▸ **DATA TO EXAMINE**:
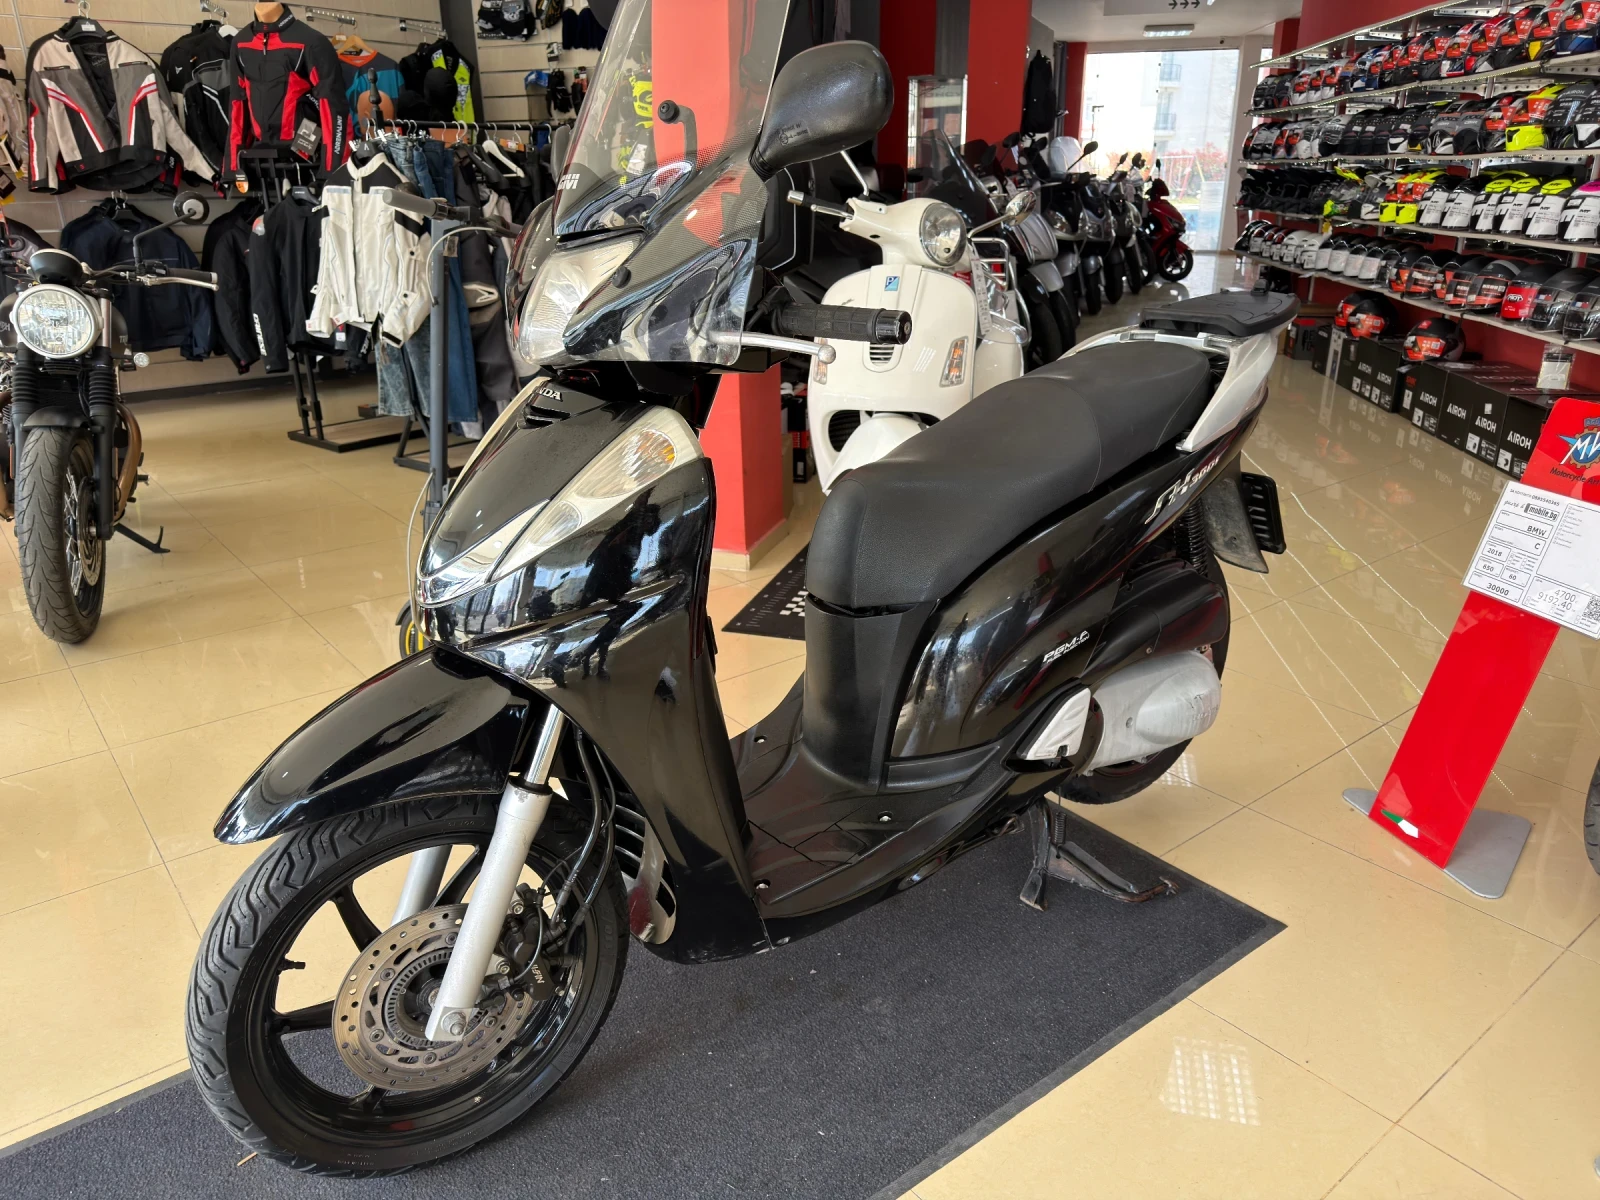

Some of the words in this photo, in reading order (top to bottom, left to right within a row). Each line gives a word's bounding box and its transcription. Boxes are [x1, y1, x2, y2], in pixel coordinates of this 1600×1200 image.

[1357, 361, 1372, 374] AIROH
[1376, 371, 1392, 386] AIROH
[1419, 391, 1438, 407] AIROH
[1446, 402, 1467, 420] AIROH
[1475, 415, 1497, 433] AIROH
[1506, 430, 1533, 450] AIROH
[1550, 467, 1587, 482] Motorcycle
[1528, 504, 1558, 521] mobile.bg
[1527, 525, 1547, 536] BMW
[1487, 548, 1503, 557] 2018
[1482, 563, 1494, 572] 650
[1508, 573, 1517, 581] 60
[1486, 583, 1509, 596] 30000
[1554, 589, 1576, 603] 4700
[1538, 591, 1573, 611] 9192.40

▸ **ACTIVITY**: From the first line to the last, set down the records exactly, leaving out images.

▸ **SOLUTION FOR THIS TASK**:
Some of the words in this photo, in reading order (top to bottom, left to right within a row). Each line gives a word's bounding box and its transcription. Boxes are [x1, y1, x2, y2], in pixel coordinates of this 1600×1200 image.

[1357, 361, 1372, 374] AIROH
[1376, 371, 1392, 386] AIROH
[1419, 391, 1438, 407] AIROH
[1446, 402, 1467, 420] AIROH
[1475, 415, 1497, 433] AIROH
[1506, 430, 1533, 450] AIROH
[1550, 467, 1587, 482] Motorcycle
[1528, 504, 1558, 521] mobile.bg
[1527, 525, 1547, 536] BMW
[1487, 548, 1503, 557] 2018
[1482, 563, 1494, 572] 650
[1508, 573, 1517, 581] 60
[1486, 583, 1509, 596] 30000
[1554, 589, 1576, 603] 4700
[1538, 591, 1573, 611] 9192.40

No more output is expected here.